It may be presumptuous to draw too many conclusions from such cyclical trends in emerging economy growth. The pre-eighties period of the last century was associated with sustained high growth among developed economies, leading some economists to describe it as a period of "divergence, big time". Since the eighties, led by the East Asian economies and China, the developing countries have grown at a much faster rate, again leading some others to describe it as "convergence, big time". Statistically, at least, for the respective periods, both were largely correct. 

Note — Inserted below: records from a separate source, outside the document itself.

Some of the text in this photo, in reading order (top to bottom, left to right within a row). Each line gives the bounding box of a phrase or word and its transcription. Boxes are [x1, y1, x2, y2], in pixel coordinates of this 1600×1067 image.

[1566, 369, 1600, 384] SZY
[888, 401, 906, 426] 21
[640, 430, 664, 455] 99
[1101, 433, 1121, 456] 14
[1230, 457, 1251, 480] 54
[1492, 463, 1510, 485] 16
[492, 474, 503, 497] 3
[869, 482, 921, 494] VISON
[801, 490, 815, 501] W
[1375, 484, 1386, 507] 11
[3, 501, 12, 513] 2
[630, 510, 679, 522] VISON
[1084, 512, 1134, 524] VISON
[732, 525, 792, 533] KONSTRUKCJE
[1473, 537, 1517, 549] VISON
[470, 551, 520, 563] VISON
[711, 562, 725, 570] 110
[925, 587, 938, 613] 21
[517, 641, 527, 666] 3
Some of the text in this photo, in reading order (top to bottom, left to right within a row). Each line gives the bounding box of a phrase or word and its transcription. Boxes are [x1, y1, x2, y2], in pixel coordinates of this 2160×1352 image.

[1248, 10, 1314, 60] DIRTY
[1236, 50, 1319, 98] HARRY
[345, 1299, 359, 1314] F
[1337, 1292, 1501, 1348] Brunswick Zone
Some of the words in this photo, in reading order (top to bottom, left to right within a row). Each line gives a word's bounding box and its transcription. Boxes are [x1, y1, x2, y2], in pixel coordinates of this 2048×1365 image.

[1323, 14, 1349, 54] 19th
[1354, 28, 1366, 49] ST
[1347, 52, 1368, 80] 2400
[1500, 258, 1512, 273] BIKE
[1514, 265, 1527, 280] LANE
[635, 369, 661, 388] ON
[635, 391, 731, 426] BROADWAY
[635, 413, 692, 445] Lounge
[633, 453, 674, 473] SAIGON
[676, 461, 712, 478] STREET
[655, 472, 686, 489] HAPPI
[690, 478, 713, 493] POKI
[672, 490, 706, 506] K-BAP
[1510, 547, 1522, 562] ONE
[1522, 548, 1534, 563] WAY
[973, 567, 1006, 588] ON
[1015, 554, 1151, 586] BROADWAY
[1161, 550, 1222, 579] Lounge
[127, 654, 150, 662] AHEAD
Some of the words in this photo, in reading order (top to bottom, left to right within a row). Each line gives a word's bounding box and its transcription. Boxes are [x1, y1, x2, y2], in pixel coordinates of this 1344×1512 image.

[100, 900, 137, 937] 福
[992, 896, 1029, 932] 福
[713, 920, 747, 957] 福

But now, as the major developing countries, outside Africa, approach lower middle-income status, the pace of convergence will, not surprisingly, decline. But the overall trend towards convergence cannot be denied. We are more likely to have "convergence, small time". The final verdict belongs to the always incisive Dani Rodrik,
It’s also interesting to see how the bounce back from a former, overstated conventional wisdom generates its own exaggerations. Contrary to much grumbling at the present, I do not think economic convergence is dead. I continue to think that developing countries as a whole will grow more rapidly than the advanced economies. But some of this will be due to a trend decline in the growth rate of the advanced economies. And the rate of convergence will not be nearly as rapid as what we have seen over the last two decades.

Monday, June 20, 2016

On premature deindustrialization and other things

Tyler Cowen peeks into the economic prospects of a world buffeted by declining productivity, secular stagnation, stagnating global trade, premature deindustrialization, increasing automation, and so on.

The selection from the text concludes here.